Apesar de muitos brasileiros viverem de aluguel, dúvidas à respeito de contratos, tanto por parte de inquilinos quanto de proprietários, ainda são constantes.
Vamos esclarecer um pouco mais sobre fiança, seguro-fiança e título de capitalização.
A Lei do Inquilinato está em vigor para proteger tanto o locador quanto o locatário. Porém, as pessoas podem apostar no diálogo para resolver pequenos problemas. Estar ciente de como funciona um aluguel também auxilia as pessoas.
Dicas sobre garantias para locação
Procurar uma imobiliária de confiança é o primeiro passo para você encontrar o imóvel ideal para locação. Antes de assinar o contrato de locação é importante saber que o país tem a Lei 8.245/91, ou Lei do Inquilinato, que rege os direitos e deveres do locador e do locatário.
Fiança – Atualmente o sistema mais utilizado ainda é a fiança, apesar da dificuldade de encontrar alguém disponível para assumir o risco.
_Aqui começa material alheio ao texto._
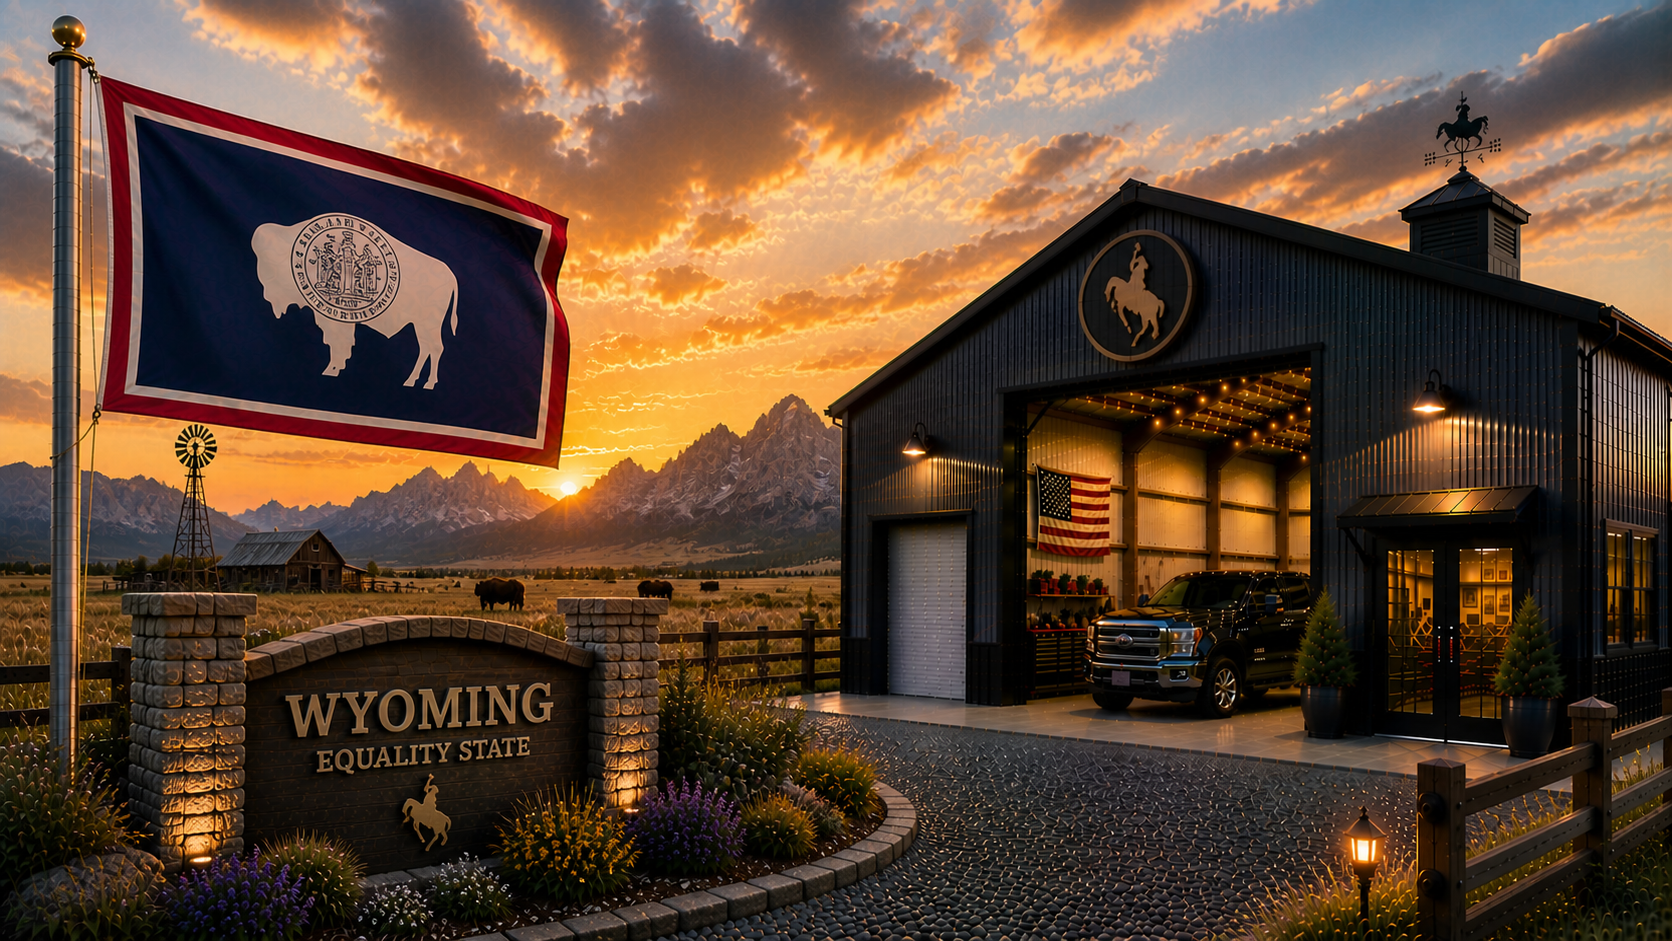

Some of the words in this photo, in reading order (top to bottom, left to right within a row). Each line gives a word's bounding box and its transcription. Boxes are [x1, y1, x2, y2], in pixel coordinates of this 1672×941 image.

[285, 682, 554, 738] WYOMING
[316, 742, 452, 775] EQUALITY
[459, 736, 531, 762] STATE
O fiador é uma terceira pessoa que se obriga pessoalmente perante o credor a cumprir a ausência de pagamento do locatário.
Seguro Fiança – É outra opção de garantia, menos procurado, embora esteja em fase de crescimento. Esse tipo de negócio existe há pelo menos dez anos, no qual o contratante é intermediado por uma seguradora e fica isento de procurar um fiador ou depositar uma caução. Deve ser renovado a cada ano e o valor gira em torno de um aluguel e meio.
Título de Capitalização – O valor a ser depositado será definido pelo locador e pela imobiliária, mas existe um valor mínimo definido pelas seguradoras. Geralmente gira em torno do valor de três aluguéis. É feita a assinatura de um termo de autorização em que o dinheiro será revertido ao proprietário no caso de falta de pagamento do aluguel. É possível usar os recursos no reparo de danos ao imóvel causados pelo inquilino.
Seja qual for o tipo de garantia que a pessoa escolher, é sempre mais seguro procurar uma empresa de assessoria imobiliária de sua confiança para concretizar o negócio e evitar as surpresas desagradáveis.